Write out each record exactly as given, but do not include the pictures.

—————

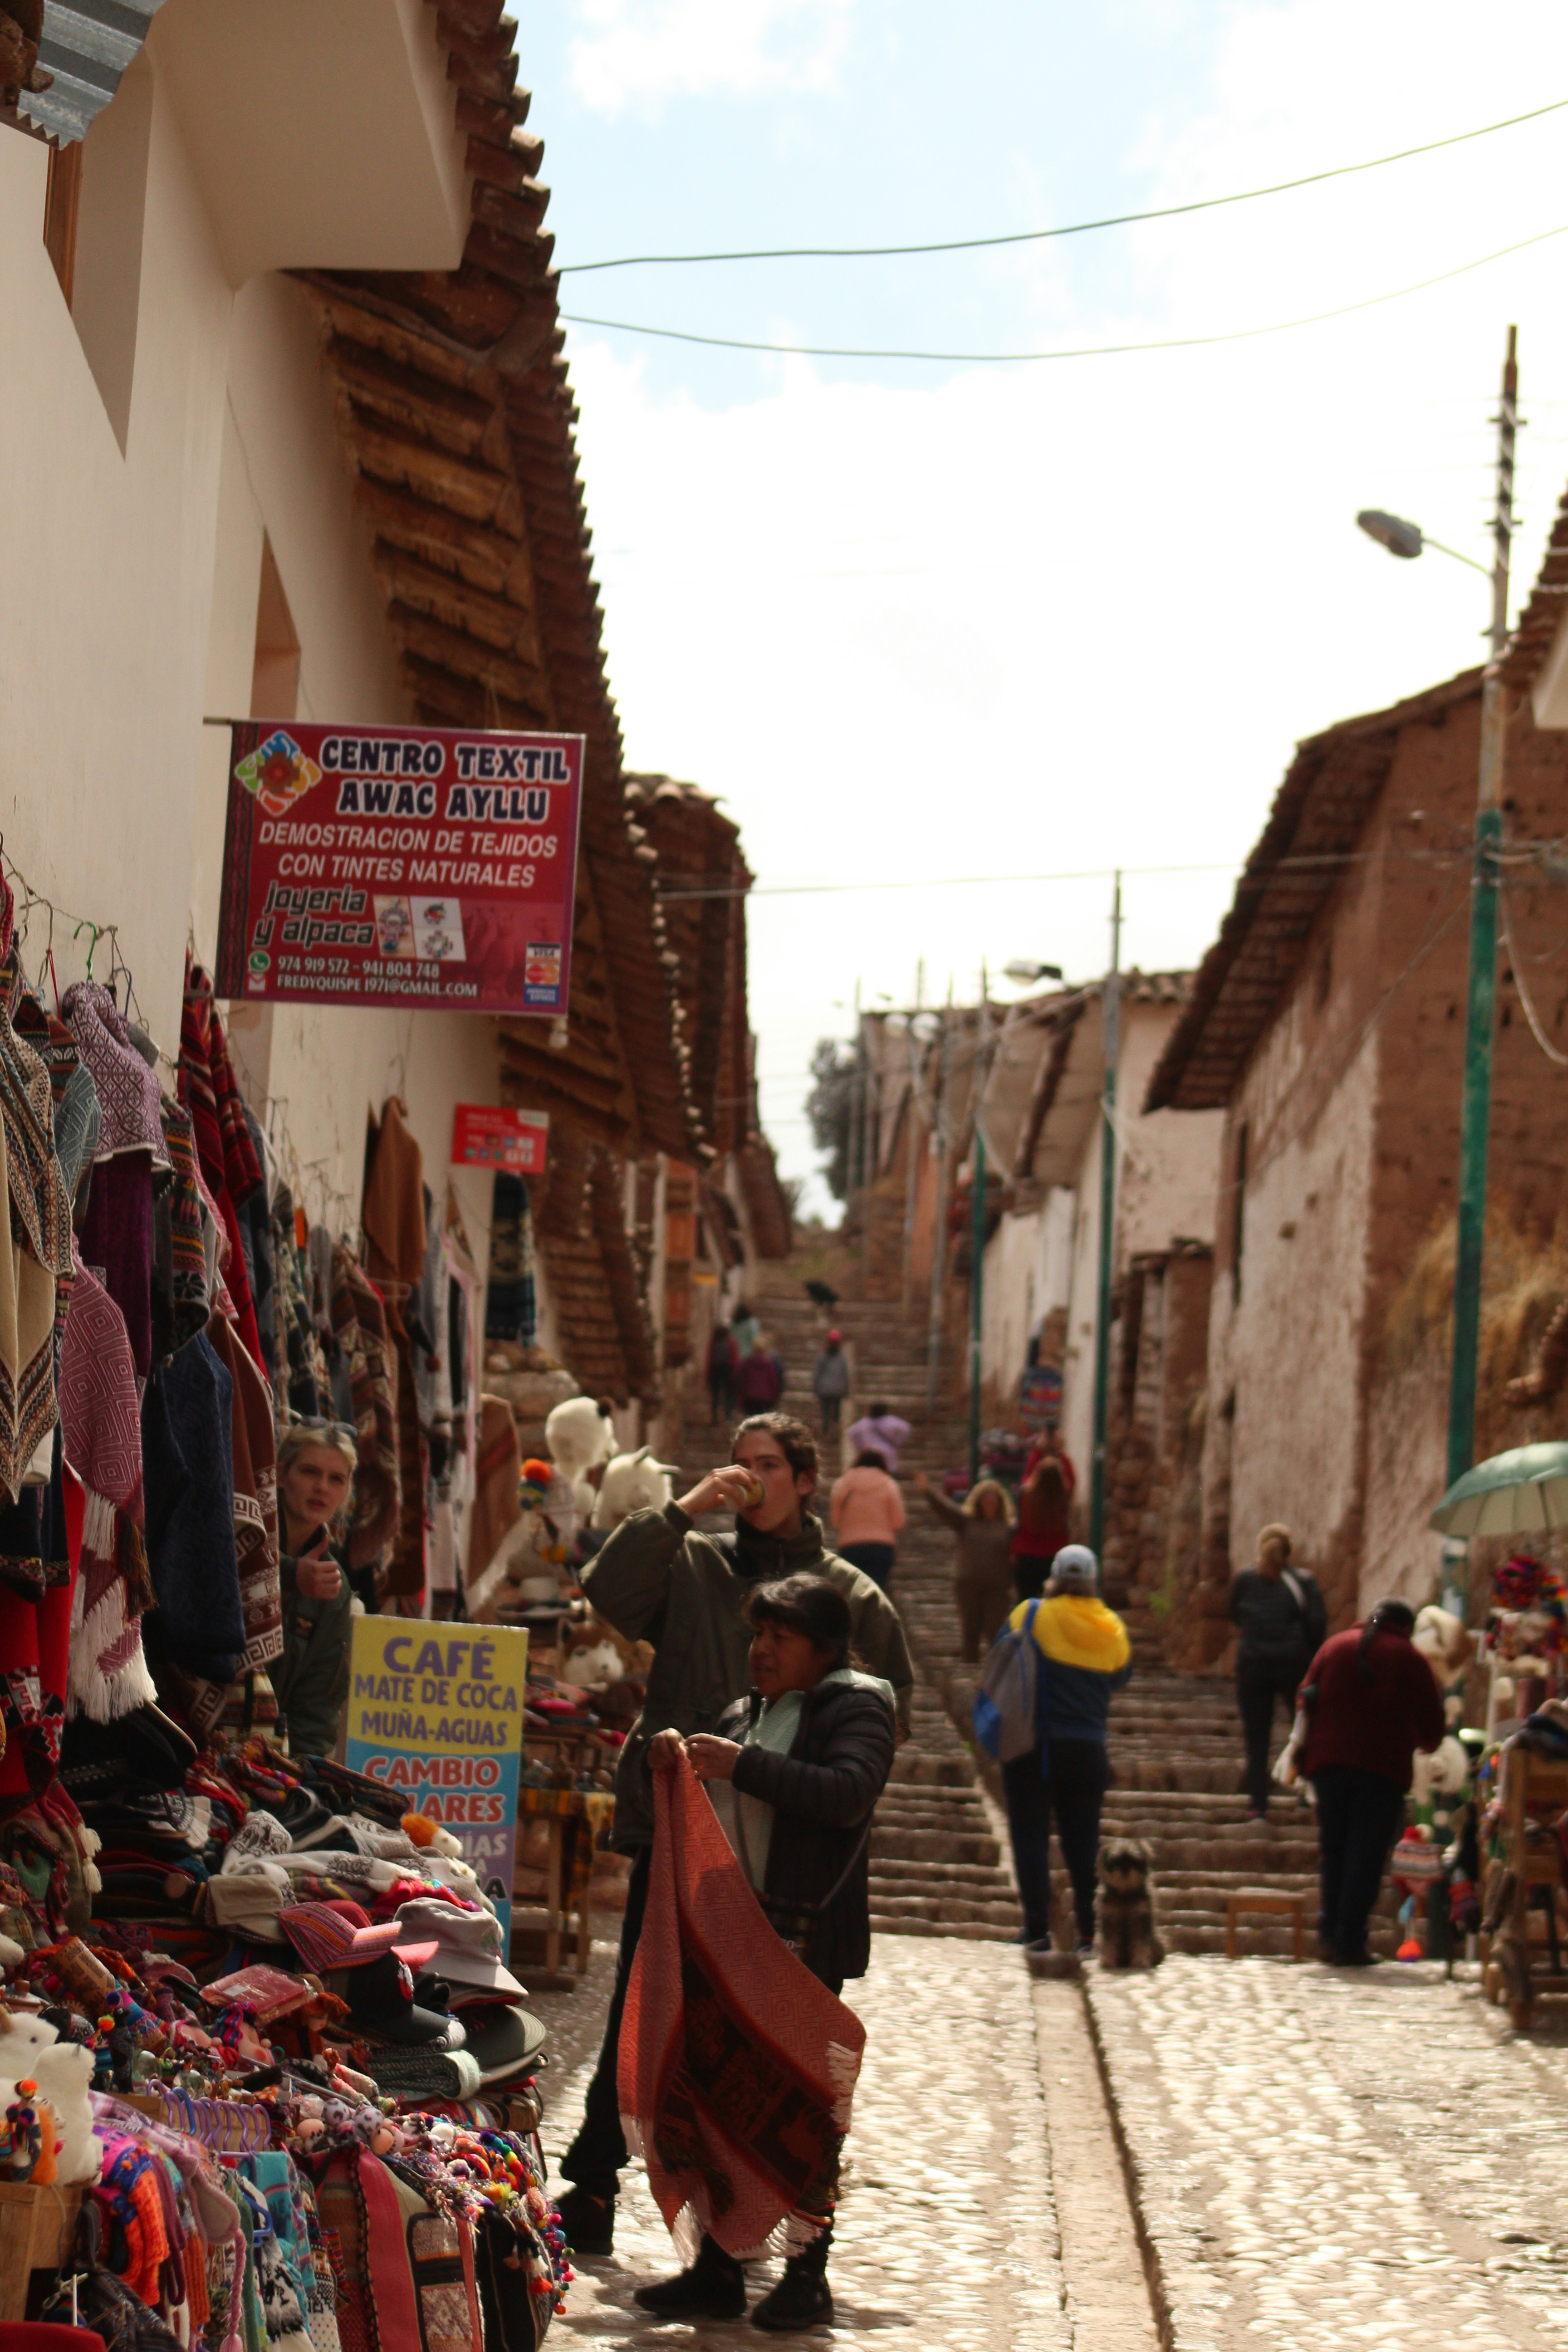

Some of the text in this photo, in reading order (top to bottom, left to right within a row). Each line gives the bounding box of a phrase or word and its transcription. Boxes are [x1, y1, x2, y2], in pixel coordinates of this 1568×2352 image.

[320, 736, 570, 784] CENTRO TEXTIL
[337, 778, 549, 824] AWAC AYLLU
[259, 820, 558, 858] DEMOSTRACION DE TEJIDOS
[279, 853, 536, 888] CON TINTES NATURALES
[253, 914, 374, 950] y alpaca
[277, 974, 362, 992] FREDYQUISPE
[278, 955, 301, 971] 974
[304, 956, 326, 973] 919
[328, 957, 349, 974] 572
[363, 959, 383, 975] 941
[386, 961, 412, 977] 804
[416, 962, 440, 979] 748
[383, 1635, 495, 1680] CAFÉ
[355, 1673, 518, 1712] MATE DE COCA
[361, 1708, 508, 1747] MUÑA-AGUAS
[363, 1756, 501, 1788] CAMBIO
[405, 1793, 505, 1824] ARES

—————

▸ **Response area**
Some of the text in this photo, in reading order (top to bottom, left to right within a row). Each line gives the bounding box of a phrase or word and its transcription. Boxes are [x1, y1, x2, y2], in pixel coordinates of this 1568×2352 image.

[320, 736, 570, 784] CENTRO TEXTIL
[337, 778, 549, 824] AWAC AYLLU
[259, 820, 558, 858] DEMOSTRACION DE TEJIDOS
[279, 853, 536, 888] CON TINTES NATURALES
[253, 914, 374, 950] y alpaca
[277, 974, 362, 992] FREDYQUISPE
[278, 955, 301, 971] 974
[304, 956, 326, 973] 919
[328, 957, 349, 974] 572
[363, 959, 383, 975] 941
[386, 961, 412, 977] 804
[416, 962, 440, 979] 748
[383, 1635, 495, 1680] CAFÉ
[355, 1673, 518, 1712] MATE DE COCA
[361, 1708, 508, 1747] MUÑA-AGUAS
[363, 1756, 501, 1788] CAMBIO
[405, 1793, 505, 1824] ARES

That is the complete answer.